**Entries provided**:
********

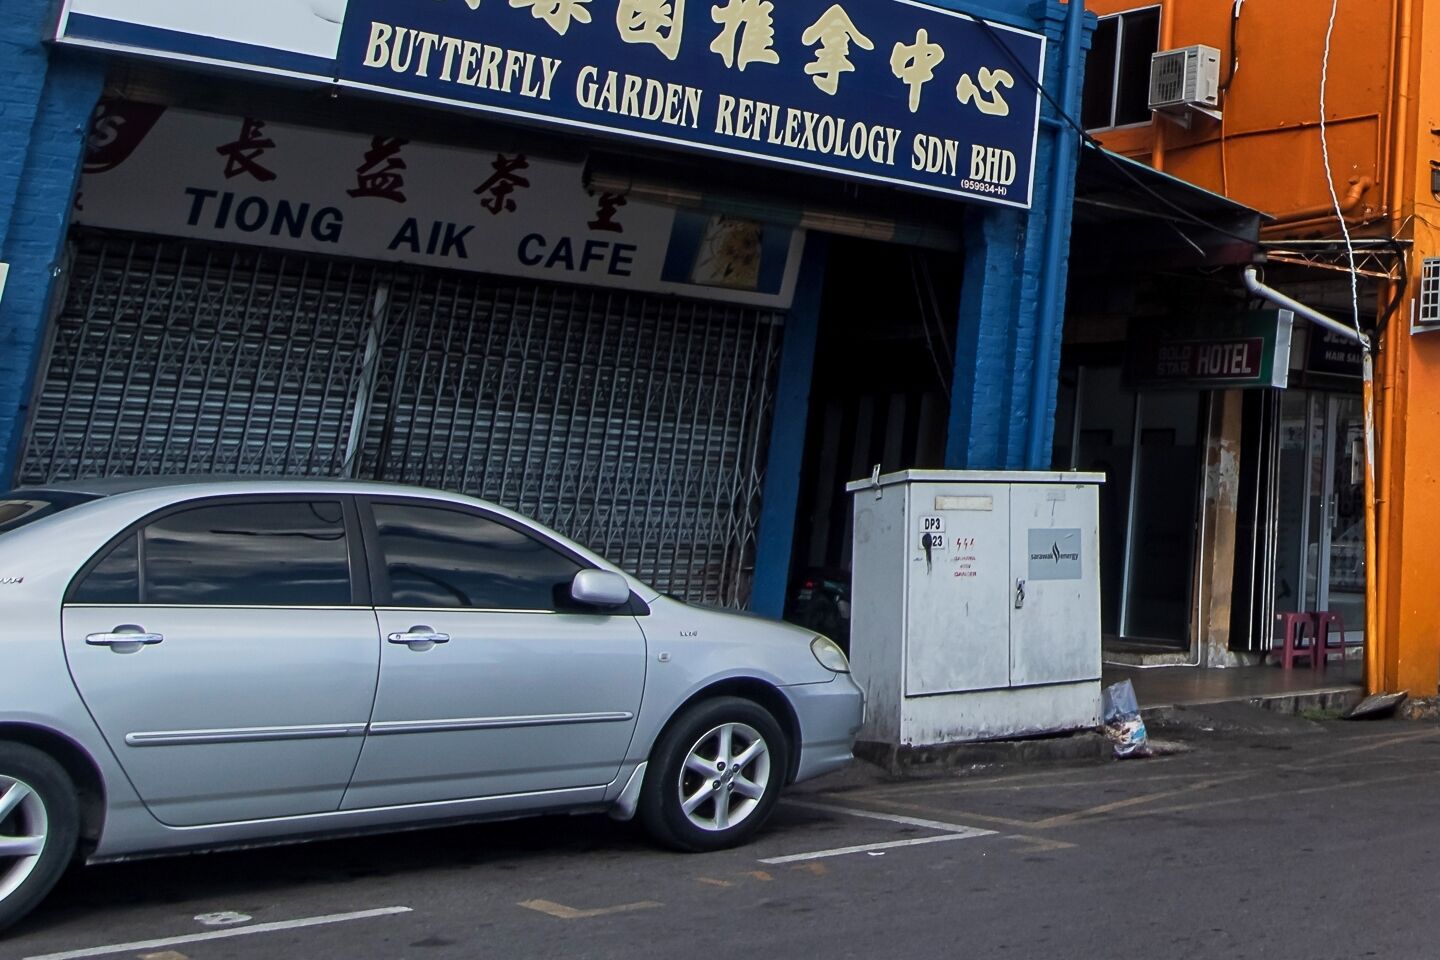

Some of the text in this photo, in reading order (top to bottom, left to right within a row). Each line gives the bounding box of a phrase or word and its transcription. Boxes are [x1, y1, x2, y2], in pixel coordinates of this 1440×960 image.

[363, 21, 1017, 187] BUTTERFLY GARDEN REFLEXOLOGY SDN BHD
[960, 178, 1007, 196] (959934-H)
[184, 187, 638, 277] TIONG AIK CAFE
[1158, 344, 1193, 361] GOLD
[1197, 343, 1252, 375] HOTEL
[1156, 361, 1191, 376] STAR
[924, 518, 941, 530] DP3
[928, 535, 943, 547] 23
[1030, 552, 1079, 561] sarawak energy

********

**Task prompt**: Output all of the data above exactly; no pictures should appear.

**Written answer**:
Some of the text in this photo, in reading order (top to bottom, left to right within a row). Each line gives the bounding box of a phrase or word and its transcription. Boxes are [x1, y1, x2, y2], in pixel coordinates of this 1440×960 image.

[363, 21, 1017, 187] BUTTERFLY GARDEN REFLEXOLOGY SDN BHD
[960, 178, 1007, 196] (959934-H)
[184, 187, 638, 277] TIONG AIK CAFE
[1158, 344, 1193, 361] GOLD
[1197, 343, 1252, 375] HOTEL
[1156, 361, 1191, 376] STAR
[924, 518, 941, 530] DP3
[928, 535, 943, 547] 23
[1030, 552, 1079, 561] sarawak energy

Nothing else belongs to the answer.